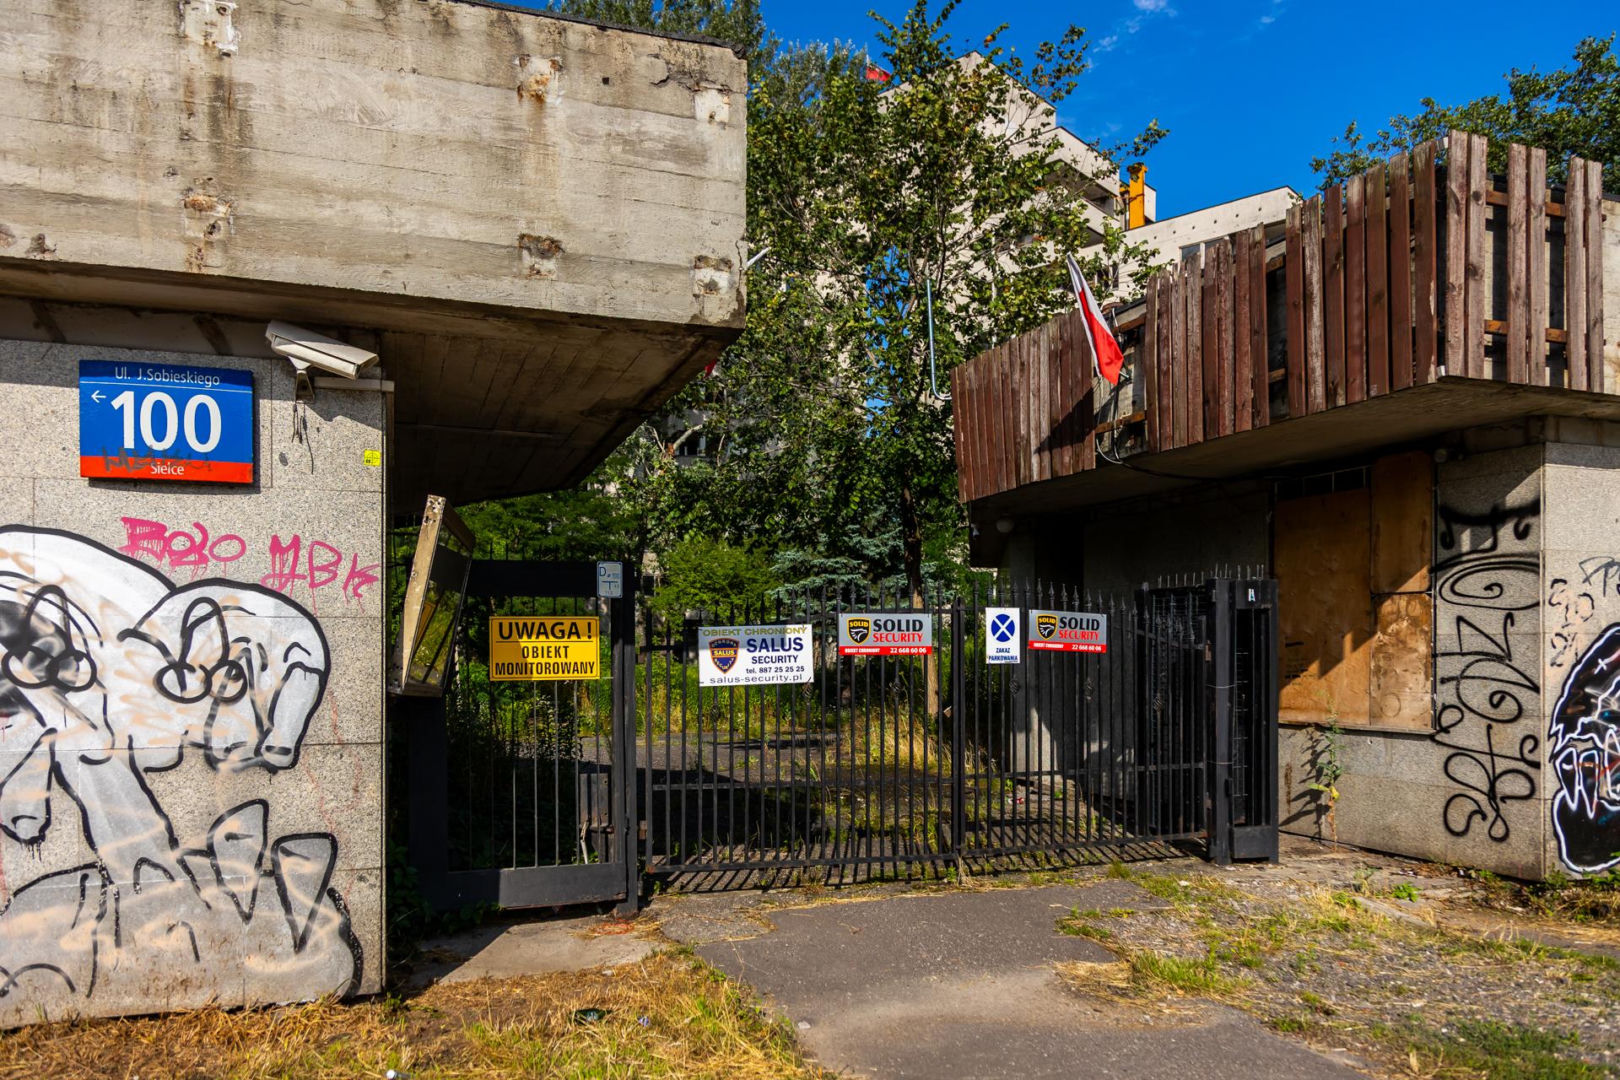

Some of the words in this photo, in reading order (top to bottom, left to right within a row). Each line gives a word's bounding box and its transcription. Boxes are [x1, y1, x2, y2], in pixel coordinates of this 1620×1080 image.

[115, 367, 131, 380] Ul.
[137, 368, 220, 387] J.Sobieskiego
[110, 390, 222, 453] 100
[498, 621, 581, 640] UWAGA
[587, 621, 592, 640] !
[872, 618, 924, 632] SOLID
[1059, 616, 1100, 631] SOLID
[702, 628, 742, 637] OBIEKT
[744, 626, 807, 636] CHRONIONY
[872, 632, 924, 643] SECURITY
[1058, 629, 1099, 641] SECURITY
[746, 636, 804, 653] SALUS
[521, 645, 570, 659] OBIEKT
[751, 654, 799, 664] SECURITY
[495, 661, 595, 676] MONITOROWANY
[709, 673, 803, 684] salus-security.pl
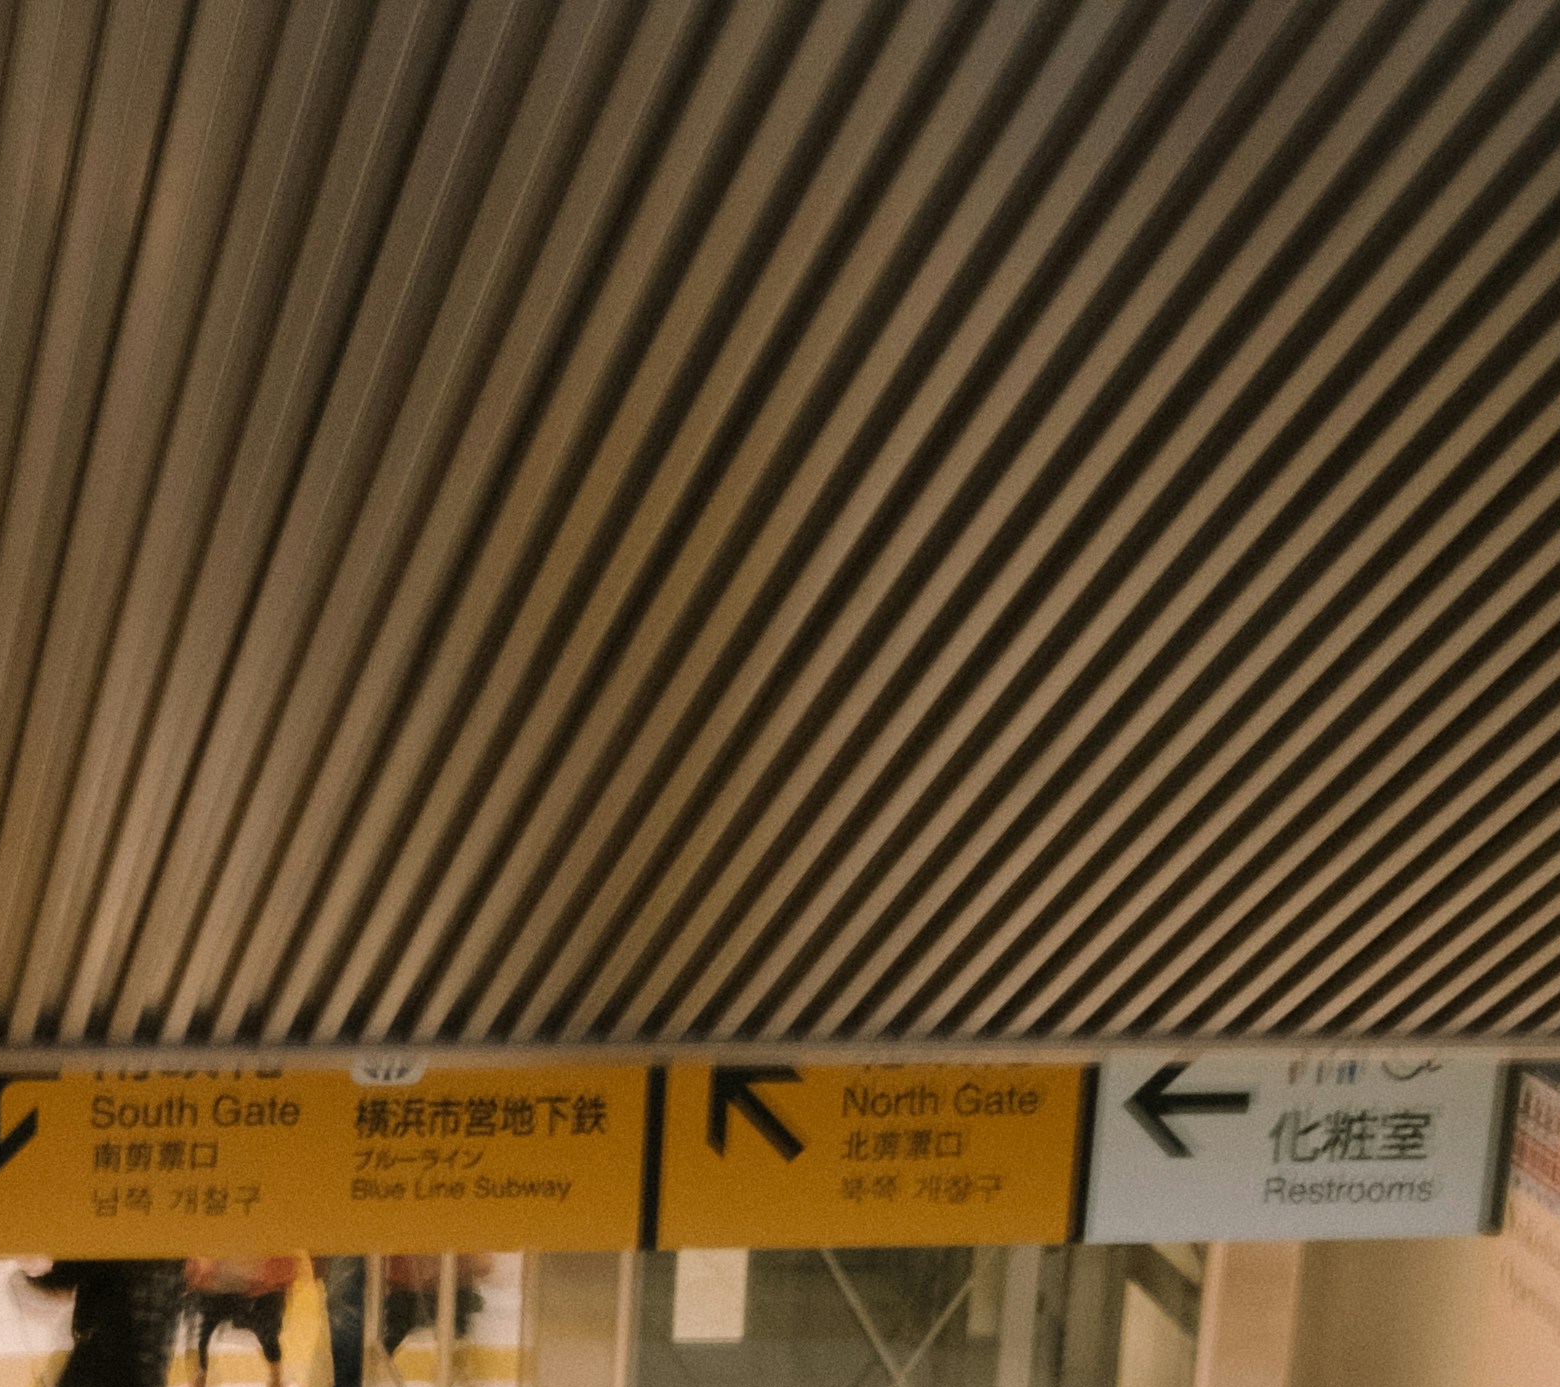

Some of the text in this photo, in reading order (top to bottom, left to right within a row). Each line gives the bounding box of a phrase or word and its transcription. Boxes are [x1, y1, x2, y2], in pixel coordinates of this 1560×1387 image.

[90, 1094, 301, 1129] South Gate
[354, 1094, 609, 1139] 横浜市営地下鉄
[841, 1082, 1042, 1118] North Gate
[1268, 1110, 1433, 1163] 化粧室
[353, 1147, 485, 1171] ブルーライン
[351, 1175, 573, 1204] Blue Line Subway
[1263, 1176, 1436, 1205] Restrooms
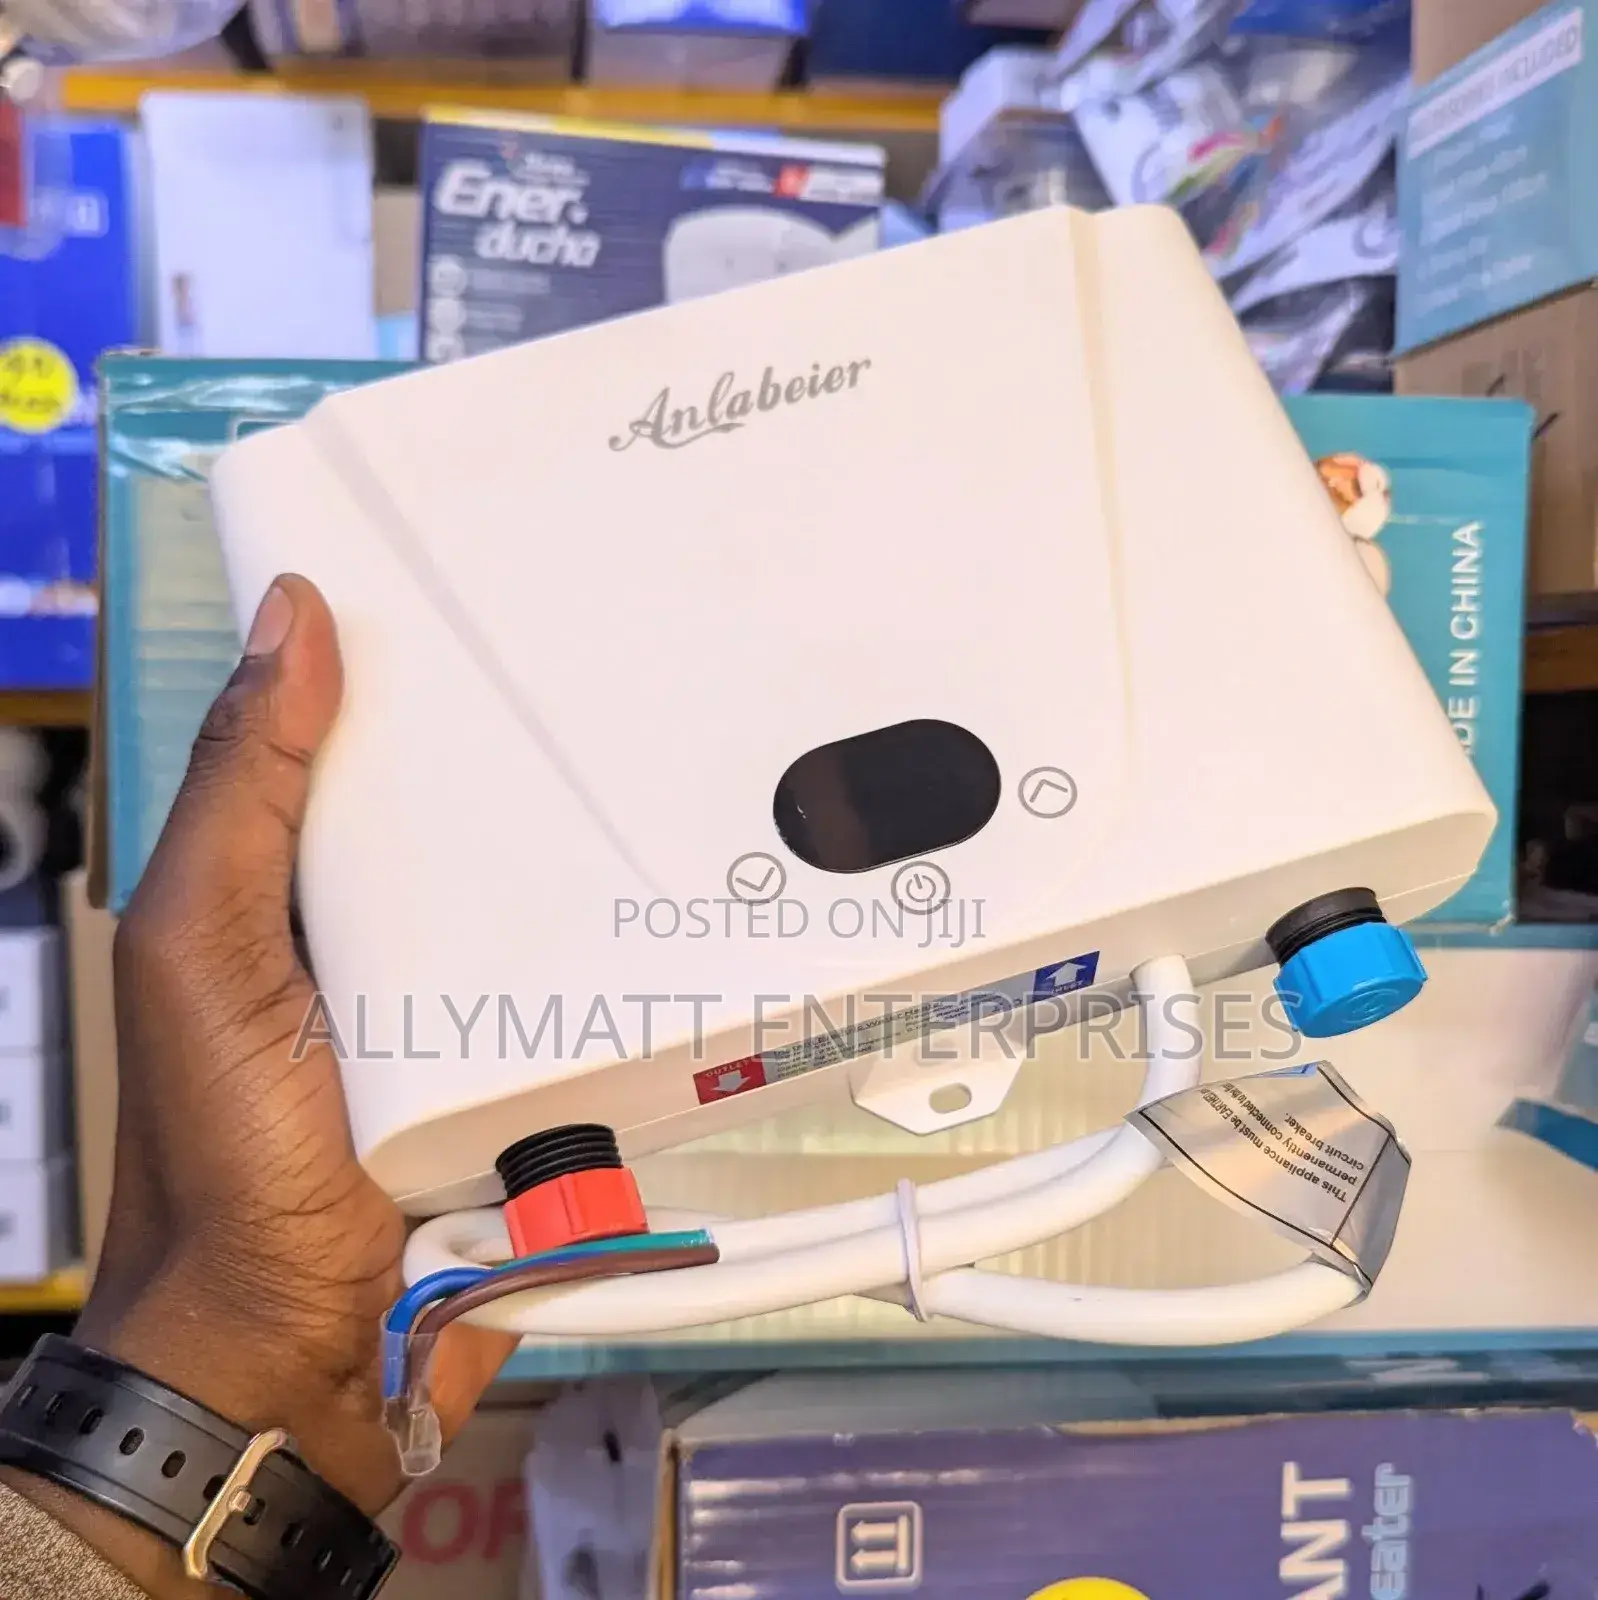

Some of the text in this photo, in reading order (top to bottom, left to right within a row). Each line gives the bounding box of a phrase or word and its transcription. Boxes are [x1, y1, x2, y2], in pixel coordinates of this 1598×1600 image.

[608, 356, 872, 451] Anlabeier
[1450, 520, 1484, 640] CHINA
[1449, 650, 1479, 686] IN
[1230, 1115, 1242, 1129] be
[1238, 1126, 1264, 1149] must
[1243, 1101, 1284, 1141] connected
[1282, 1137, 1358, 1186] permanently
[1284, 1112, 1364, 1171] circuit breaker.
[1263, 1145, 1320, 1185] appliance
[1321, 1180, 1347, 1203] This

──────

[Problem description] Leave out the images and copy every record above exactly.

[Problem solution]
Some of the words in this photo, in reading order (top to bottom, left to right within a row). Each line gives a word's bounding box and its transcription. Boxes are [x1, y1, x2, y2], in pixel coordinates of this 1620×1080 image.

[115, 367, 131, 380] Ul.
[137, 368, 220, 387] J.Sobieskiego
[110, 390, 222, 453] 100
[498, 621, 581, 640] UWAGA
[587, 621, 592, 640] !
[872, 618, 924, 632] SOLID
[1059, 616, 1100, 631] SOLID
[702, 628, 742, 637] OBIEKT
[744, 626, 807, 636] CHRONIONY
[872, 632, 924, 643] SECURITY
[1058, 629, 1099, 641] SECURITY
[746, 636, 804, 653] SALUS
[521, 645, 570, 659] OBIEKT
[751, 654, 799, 664] SECURITY
[495, 661, 595, 676] MONITOROWANY
[709, 673, 803, 684] salus-security.pl

Some of the text in this photo, in reading order (top to bottom, left to right within a row). Each line gives the bounding box of a phrase or word and its transcription. Boxes are [x1, y1, x2, y2], in pixel coordinates of this 1560×1387 image.

[90, 1094, 301, 1129] South Gate
[354, 1094, 609, 1139] 横浜市営地下鉄
[841, 1082, 1042, 1118] North Gate
[1268, 1110, 1433, 1163] 化粧室
[353, 1147, 485, 1171] ブルーライン
[351, 1175, 573, 1204] Blue Line Subway
[1263, 1176, 1436, 1205] Restrooms

Some of the text in this photo, in reading order (top to bottom, left to right within a row). Each line gives the bounding box of a phrase or word and its transcription. Boxes are [x1, y1, x2, y2], in pixel coordinates of this 1598×1600 image.

[608, 356, 872, 451] Anlabeier
[1450, 520, 1484, 640] CHINA
[1449, 650, 1479, 686] IN
[1230, 1115, 1242, 1129] be
[1238, 1126, 1264, 1149] must
[1243, 1101, 1284, 1141] connected
[1282, 1137, 1358, 1186] permanently
[1284, 1112, 1364, 1171] circuit breaker.
[1263, 1145, 1320, 1185] appliance
[1321, 1180, 1347, 1203] This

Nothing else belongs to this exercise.